Why are these programs limited to matters involving debs? Why aren't courts expanding these programs to cover all types of lawsuits?

Did any of these counties or jurisdictions ever bother to take a referendum vote to see if the majority of the populace supports and/or is willing to have their taxes paying for such Programs?

Did anyone ever bother to consider whether deliberately extending foreclosures is actually harmful to mortgagors because of the increased interest, late charges, court costs, and attorneys' fees that will inevitably accrue on delinquent loans?

Are they really even necessary at this point given the existing federal and state homeowner assistance programs, the various quantitative easing policies of the Federal Reserve Board designed to artificially keep interest rates low, and the federal government’s insistence that there has been improvement in the housing market?

One can argue that the diversion programs are, in part, political machinations, instituted by judges who are elected as a means to garner votes for re-election.

After all, in today’s world (where banks are coined as the “evil empire,” have become poster children for misconduct, and are blamed for causing the recent financial meltdown), diversion programs designed for business divorces, slip and fall cases, and complex commercial cases would probably not be of interest to voters.

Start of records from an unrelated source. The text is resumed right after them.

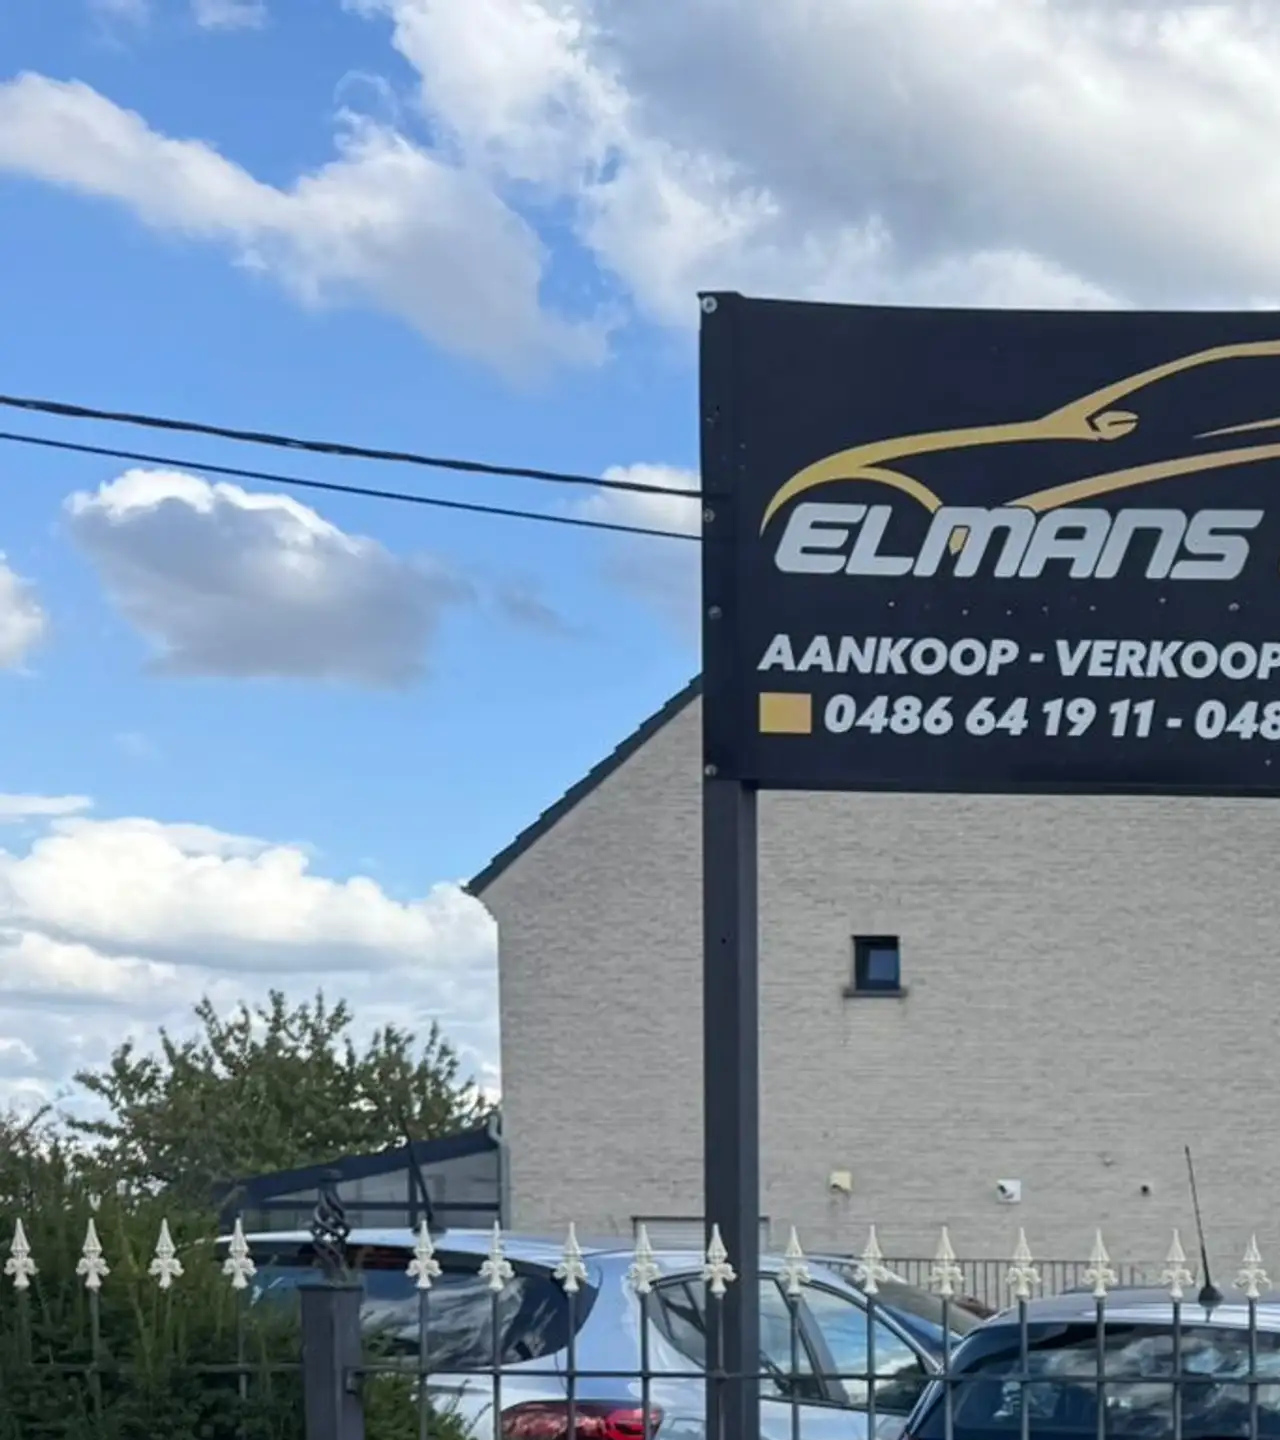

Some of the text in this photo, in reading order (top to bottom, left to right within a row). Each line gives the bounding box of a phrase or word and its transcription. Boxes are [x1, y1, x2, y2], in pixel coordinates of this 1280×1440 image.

[774, 502, 1265, 581] ELMANS
[756, 633, 1020, 676] AANKOOP
[824, 693, 954, 735] 0486
[965, 697, 1029, 736] 64
[1042, 697, 1097, 737] 19
[1109, 698, 1156, 738] 11
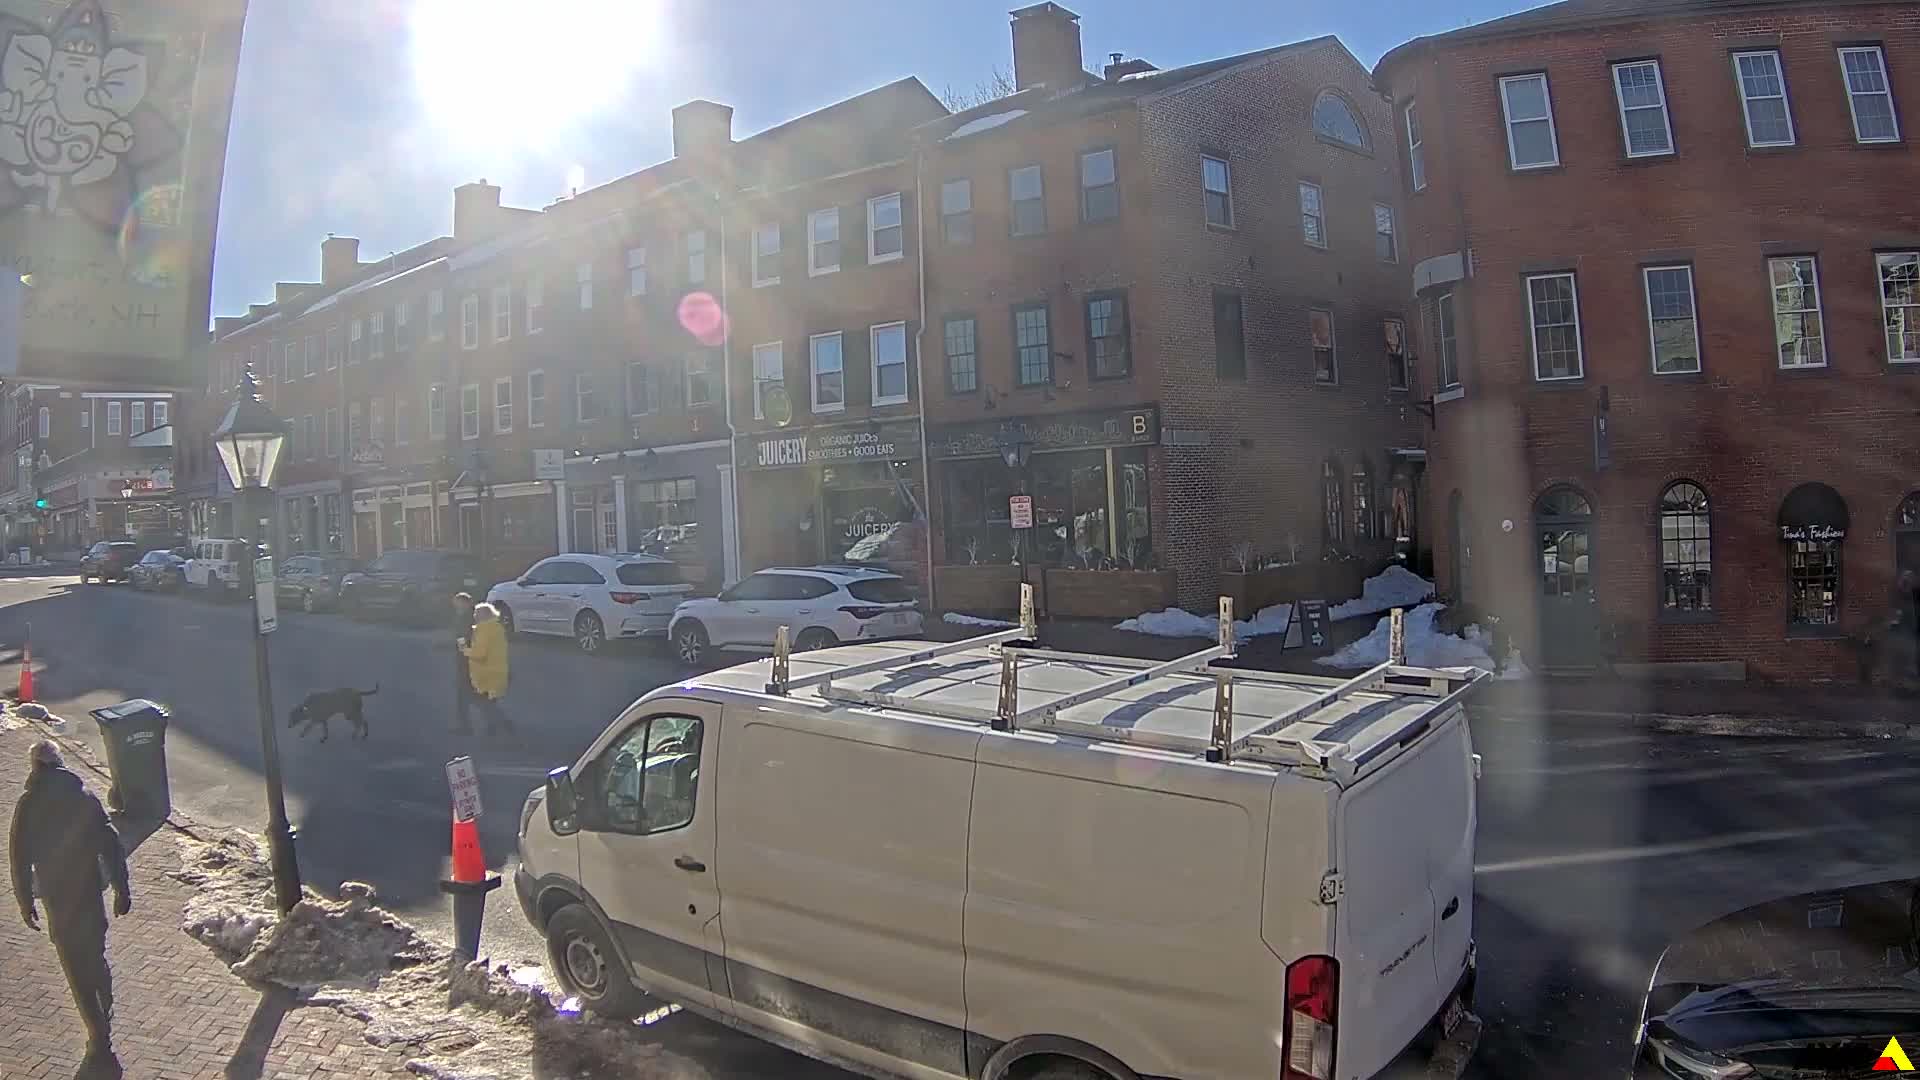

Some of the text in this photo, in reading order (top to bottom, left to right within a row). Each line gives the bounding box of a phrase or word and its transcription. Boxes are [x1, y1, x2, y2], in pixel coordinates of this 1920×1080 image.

[1133, 416, 1146, 434] B
[759, 438, 807, 465] JUICERY
[854, 446, 876, 455] GOOD
[877, 444, 895, 454] EATS
[846, 522, 896, 536] JUICERY
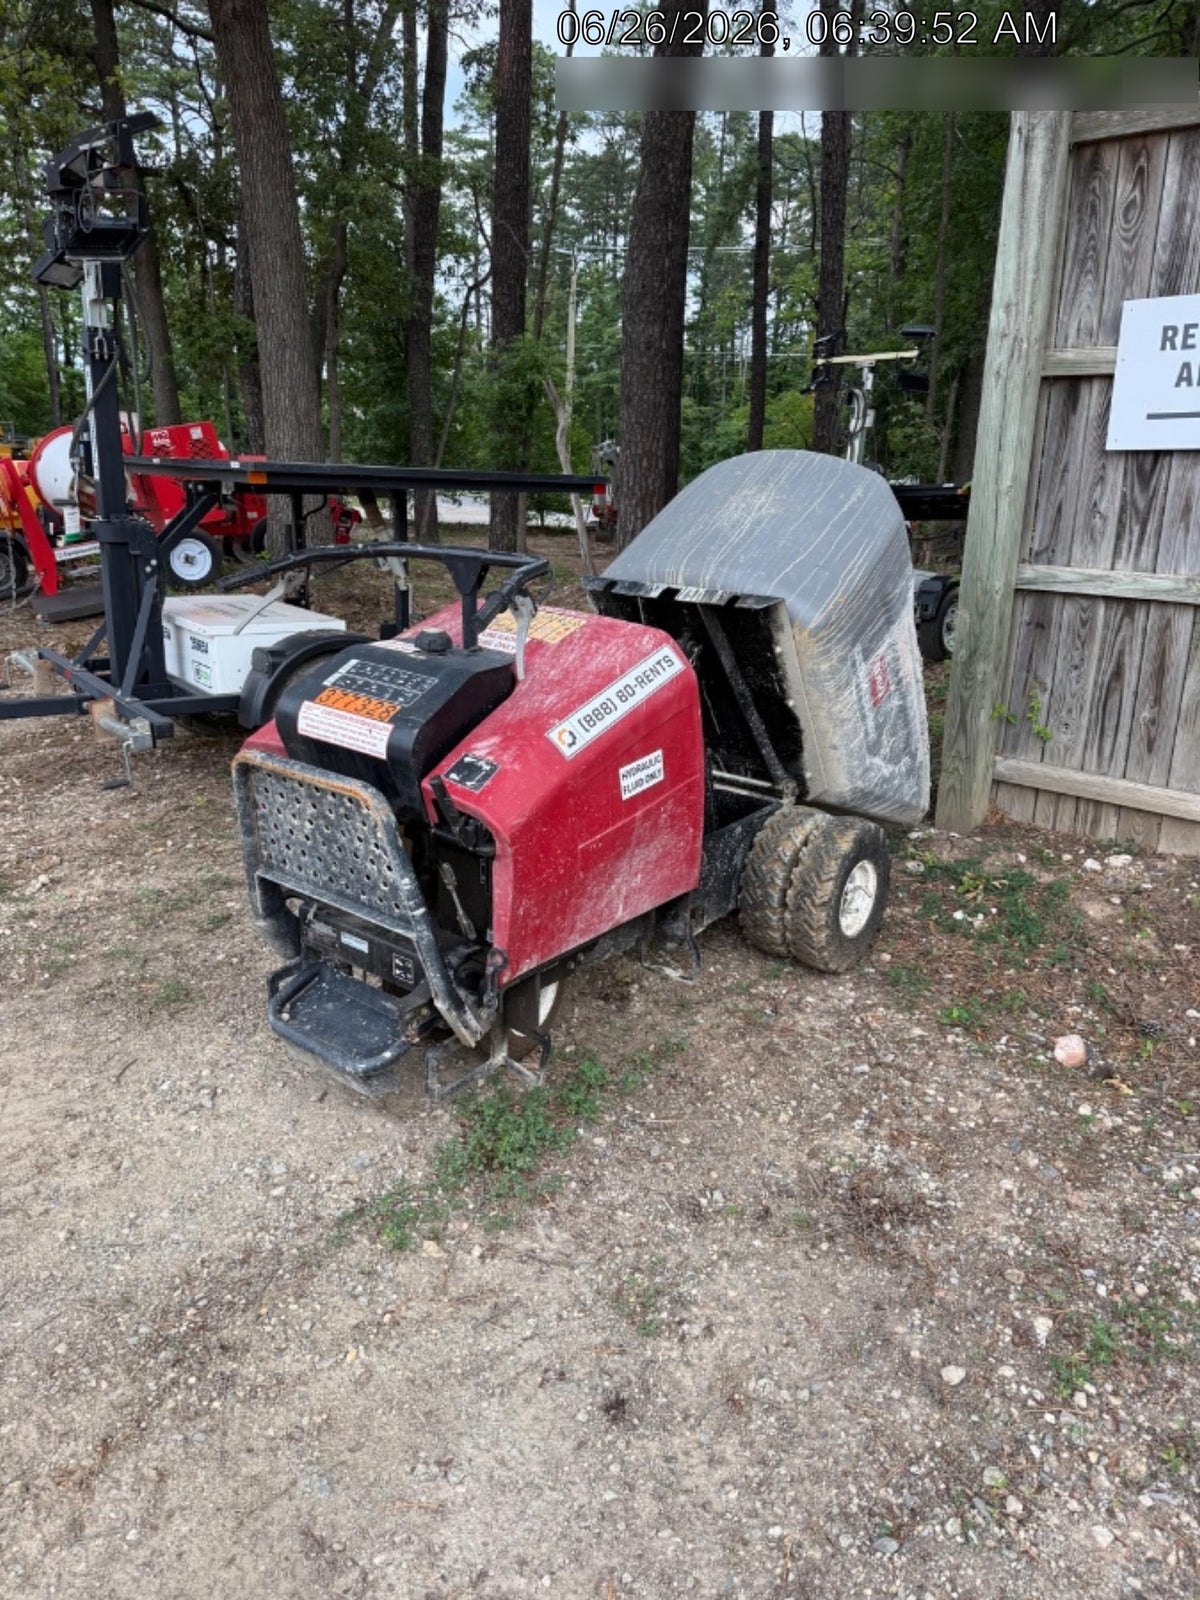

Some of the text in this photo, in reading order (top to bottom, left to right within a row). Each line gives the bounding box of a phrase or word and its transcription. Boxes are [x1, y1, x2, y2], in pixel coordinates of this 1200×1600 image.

The reality is that diversion programs are here to stay and, consequently, adverse outcomes as well as unforeseen and atypical delays should be expected and accounted for in timelines.

Therefore, getting what you want may sometimes require creative and unique legal strategies, one-upmanship, and persistence. An aggressive approach sends a message to mortgagors, the courts, and the defense bar that lenders and servicers are not afraid to be vigilant and willing to exercise their rights.